Your objective:
The records below must be reproduced exactly, excluding any pictures.

──────── Supplied material

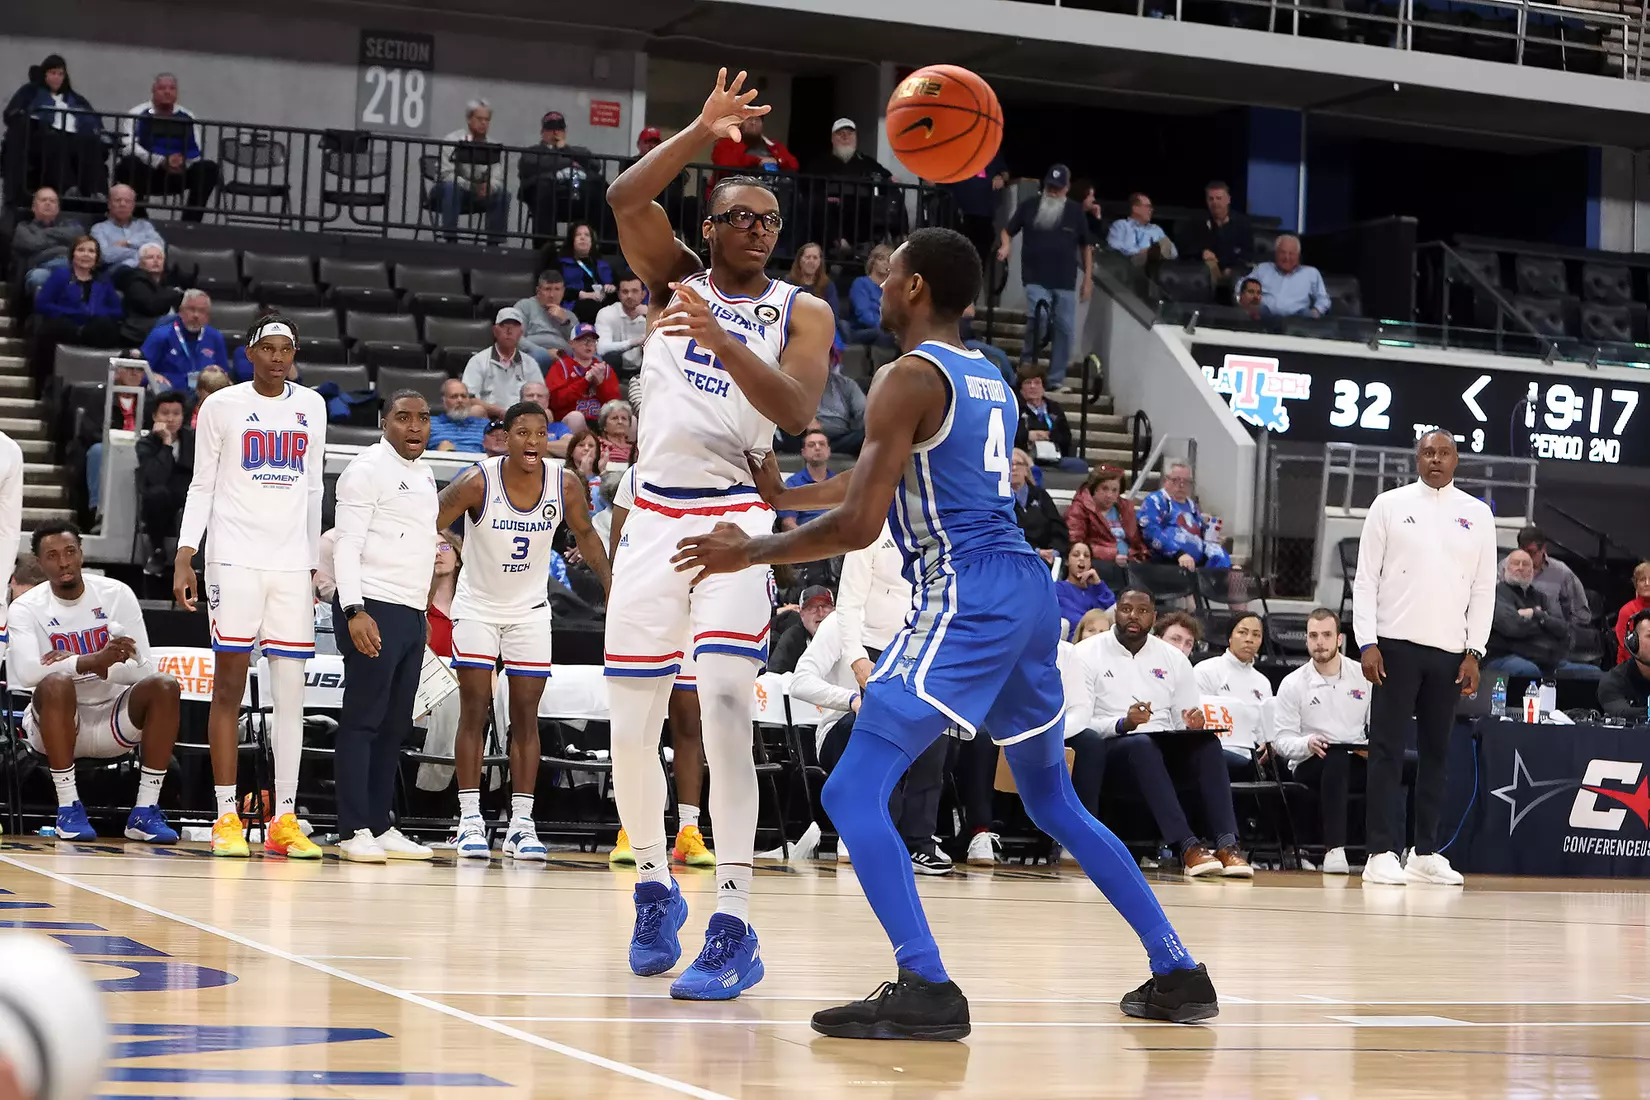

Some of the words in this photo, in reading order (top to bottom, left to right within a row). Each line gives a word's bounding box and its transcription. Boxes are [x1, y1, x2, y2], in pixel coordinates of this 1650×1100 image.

[365, 38, 430, 62] SECTION
[363, 65, 424, 128] 218
[707, 300, 766, 340] ISIANA
[684, 369, 730, 397] TECH
[964, 374, 1007, 403] BUFFORD
[1329, 379, 1392, 430] 32
[1524, 381, 1639, 435] 19:17
[241, 428, 308, 475] OUR
[983, 407, 1012, 497] 4
[1471, 428, 1485, 452] 3
[1589, 437, 1621, 464] 2ND
[251, 473, 299, 482] MOMENT
[492, 518, 552, 532] LOUISIANA
[511, 536, 530, 560] 3
[502, 562, 531, 573] TECH

────────────────

Task answer:
Some of the words in this photo, in reading order (top to bottom, left to right within a row). Each line gives a word's bounding box and its transcription. Boxes are [x1, y1, x2, y2], in pixel coordinates of this 1650×1100 image.

[365, 38, 430, 62] SECTION
[363, 65, 424, 128] 218
[707, 300, 766, 340] ISIANA
[684, 369, 730, 397] TECH
[964, 374, 1007, 403] BUFFORD
[1329, 379, 1392, 430] 32
[1524, 381, 1639, 435] 19:17
[241, 428, 308, 475] OUR
[983, 407, 1012, 497] 4
[1471, 428, 1485, 452] 3
[1589, 437, 1621, 464] 2ND
[251, 473, 299, 482] MOMENT
[492, 518, 552, 532] LOUISIANA
[511, 536, 530, 560] 3
[502, 562, 531, 573] TECH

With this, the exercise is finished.